Commercial real estate crash
The return to the office has stalled this year as most U.S. companies have settled on some degree of remote work, according to data compiled by hybrid-work software company Scoop Technologies. That's bad news for office buildings, and Chris Clark, an assistant professor of economics at Washington State University, warned that a potential crash in commercial real estate could pose a big risk to many people, not just landlords.
“We're going to see some commercial real estate firms go under and suffer losses,” Clark said. “The concern is whether this becomes a systemic problem big enough that it affects the whole economy.”
If such a downturn spreads from commercial real estate to other sectors of the economy, smaller banks that hold large portfolios of these commercial mortgages would be the first to be affected, said Rajeev Dhawan, director of the Center for Economic Forecasting at Georgia State University.
Conflict with China
One risk that's always top of mind for economists is confrontation between the world's largest economies: How the US and China manage tensions, from trade to Taiwan, will continue to have an impact not just on the US economy but the global economy as a whole, House said.
The only solace on the China front may be time itself: Clarke cites military conflict with China as the biggest threat over the next decade, but cautions that he's not too worried about a direct escalation in 2024.

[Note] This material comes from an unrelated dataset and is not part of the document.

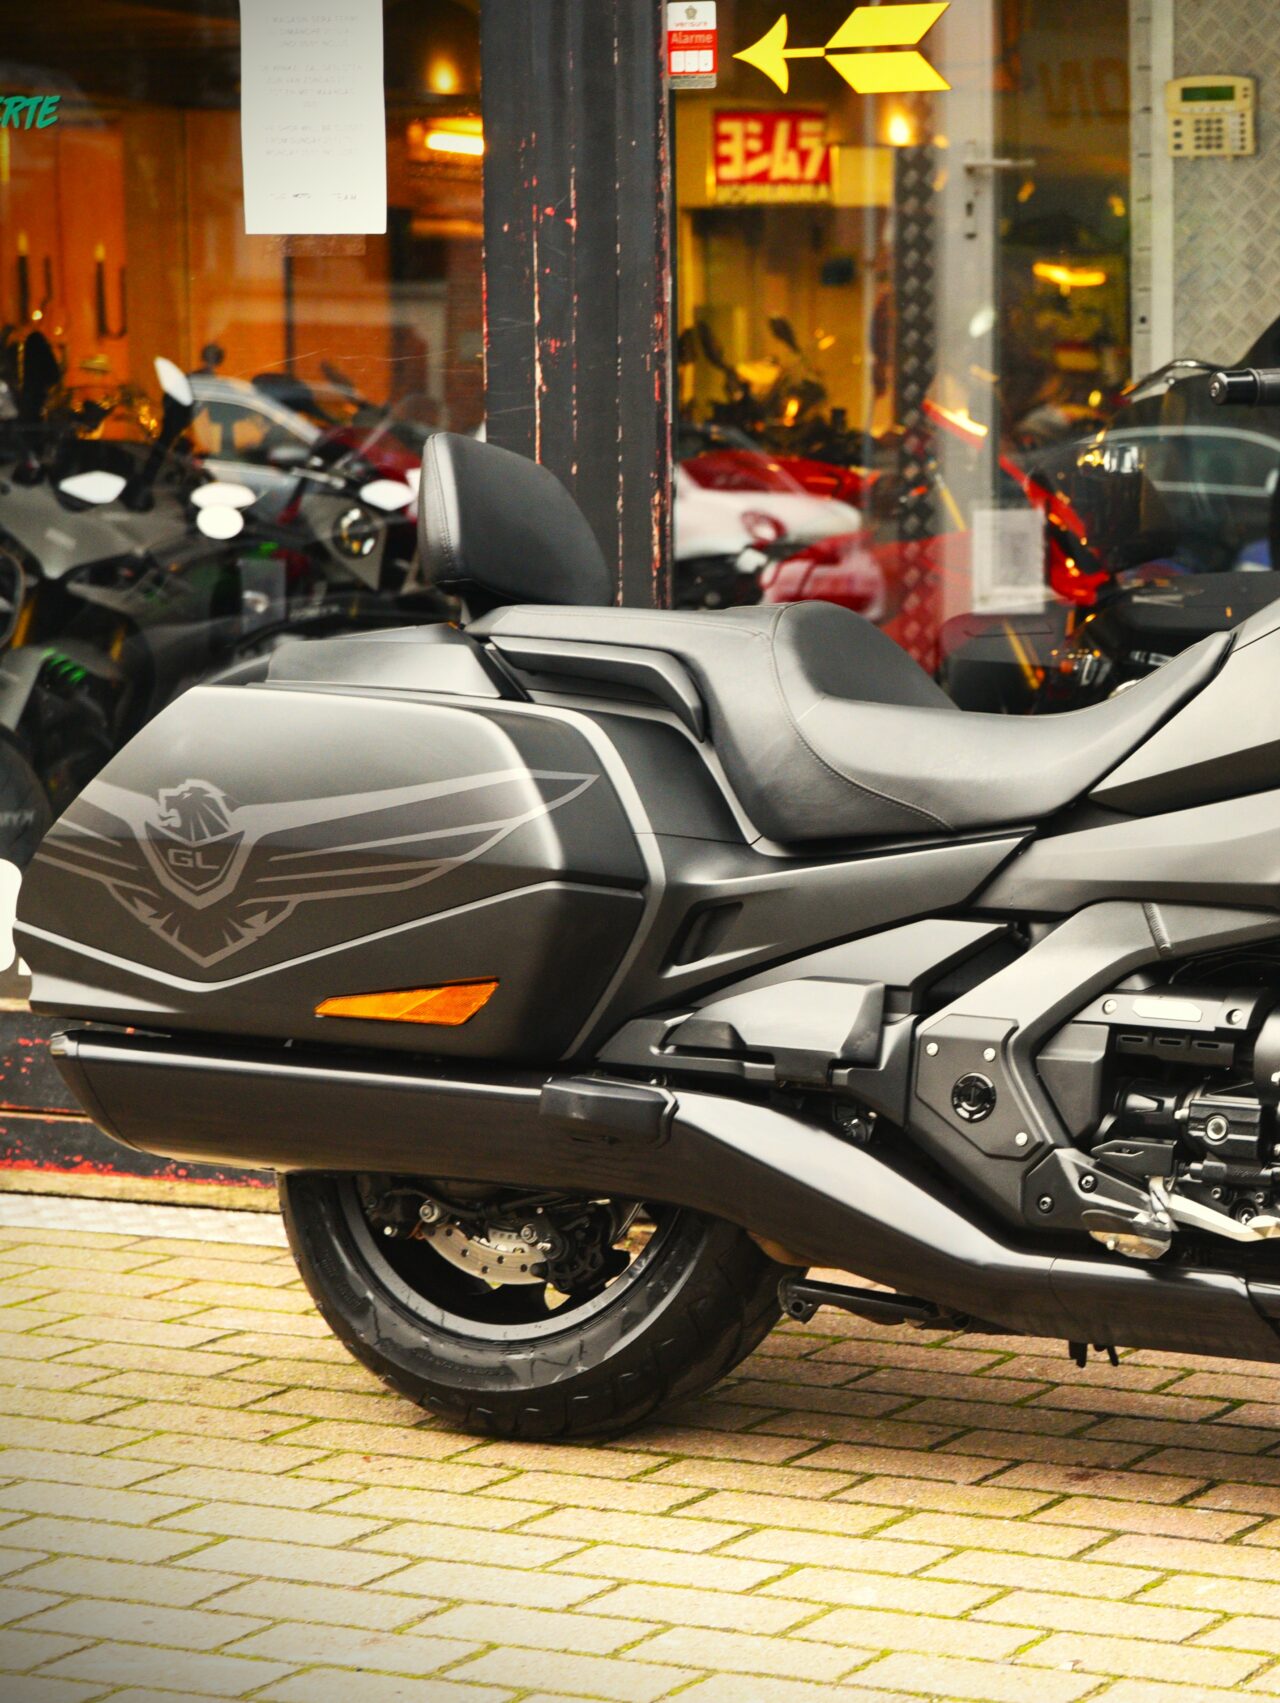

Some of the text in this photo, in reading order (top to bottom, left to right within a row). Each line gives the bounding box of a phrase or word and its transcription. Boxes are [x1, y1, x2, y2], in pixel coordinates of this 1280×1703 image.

[671, 31, 713, 44] Alarme
[0, 95, 61, 130] RTE
[718, 119, 826, 181] ヨシムラ
[168, 848, 220, 870] GL
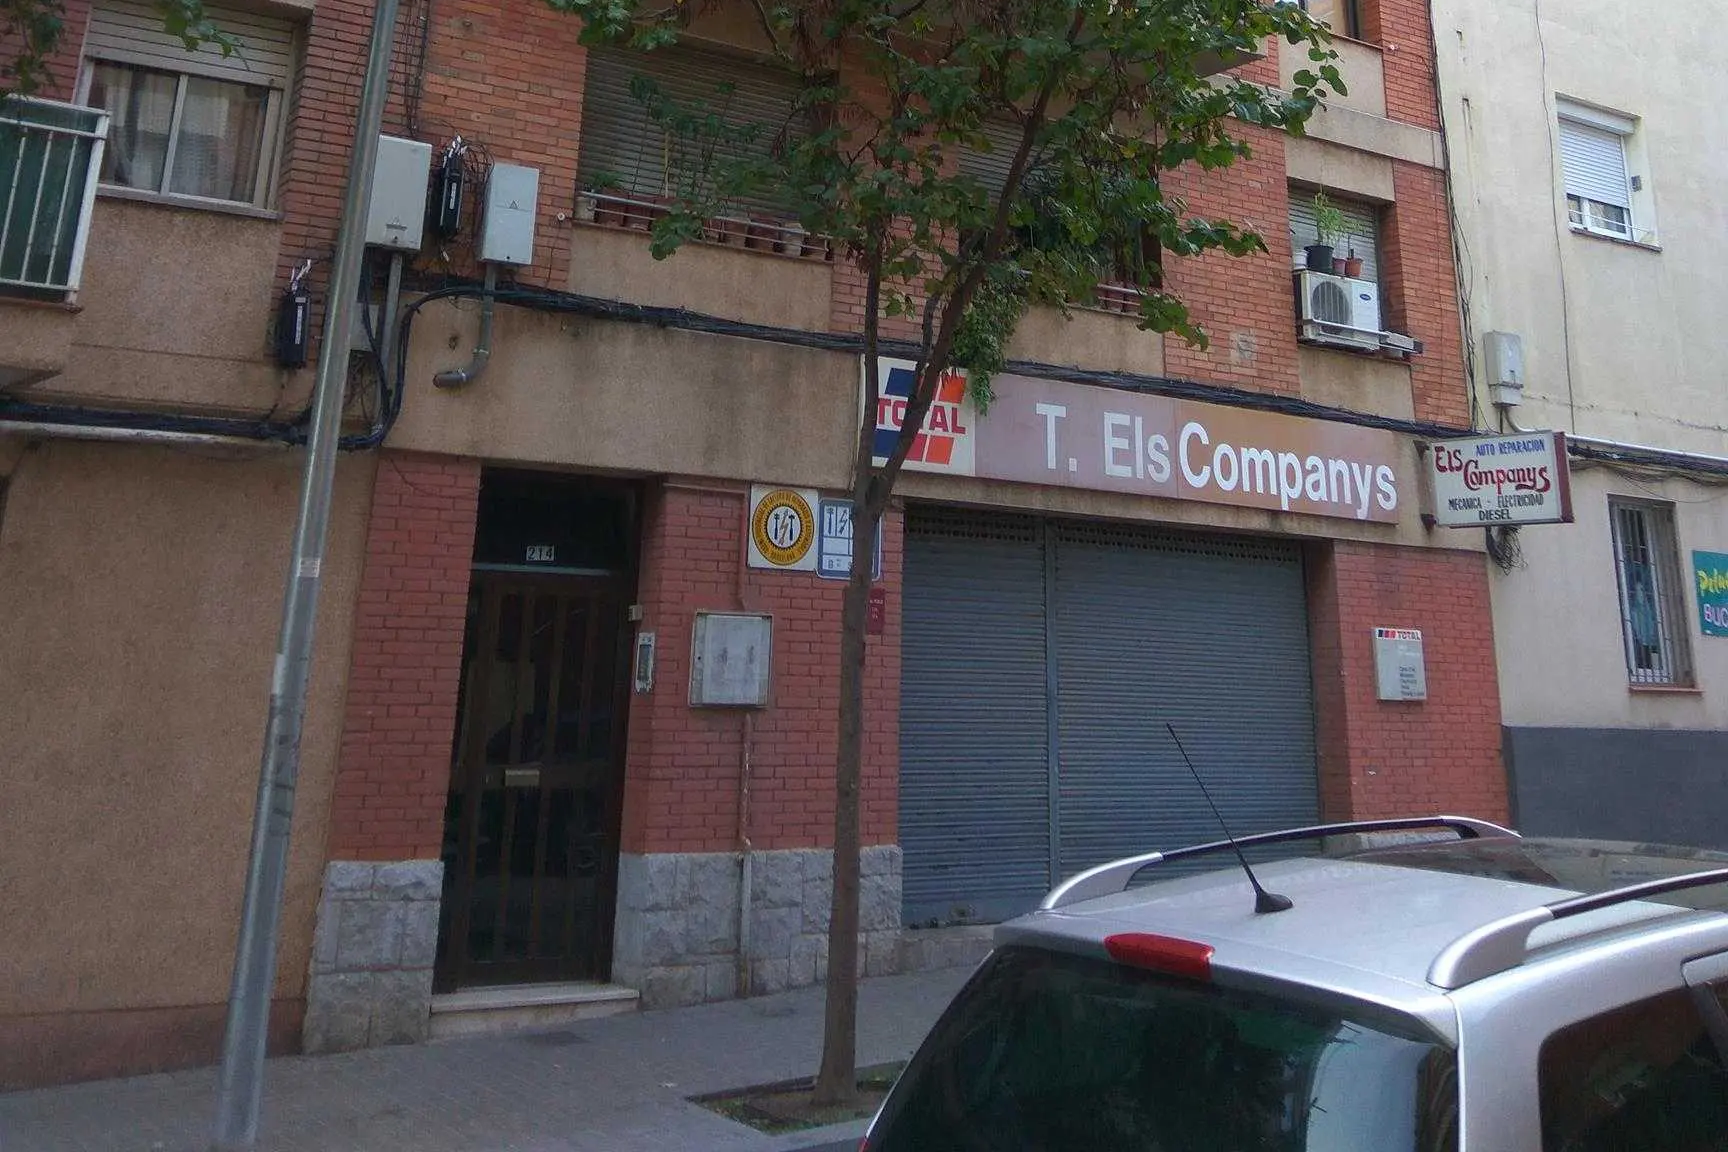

The impact of artificial intelligence
In a year of venture capital slowdown, AI startups received a quarter of all funding, and Goldman Sachs Research predicted that these innovations in AI could boost global GDP by 7% over the next decade, or about $7 trillion. But this potential growth is not without risks. According to Politico, OpenAI's internal rules include provisions for how the company would operate in a hypothetical future where AI has completely upended the economy and currencies no longer have any real value.
For Joe Davis, chief global economist at Vanguard, artificial intelligence remains a big trend that spans all sectors of the economy. “I think the question we all face is: will there be too few workers in the future, or will there be too few jobs?,” Davis said. “The industry doesn't have the answers. We have opinions, but we don't have the answers.”
Post-pandemic unknowns
Economists say one of the biggest economic risks going forward is uncertainty itself. strangeIt refuses to follow typical business-cycle trendlines. In that environment, even economists can have difficulty articulating the most pressing risks, Dhawan said. “I don't think we're back to normal yet,” he said. “We're still figuring out how we're going to work and where we're going to live in a post-pandemic economy.”
House also believes the economy is still shrouded in great uncertainty due to the pandemic, and people are feeling that uncertainty. “The data shows that things are much better right now than they've been in a long time, but we're doing it in a system that's pushing more risk onto individuals than we've had in the past,” he explained. “People are feeling that keenly.”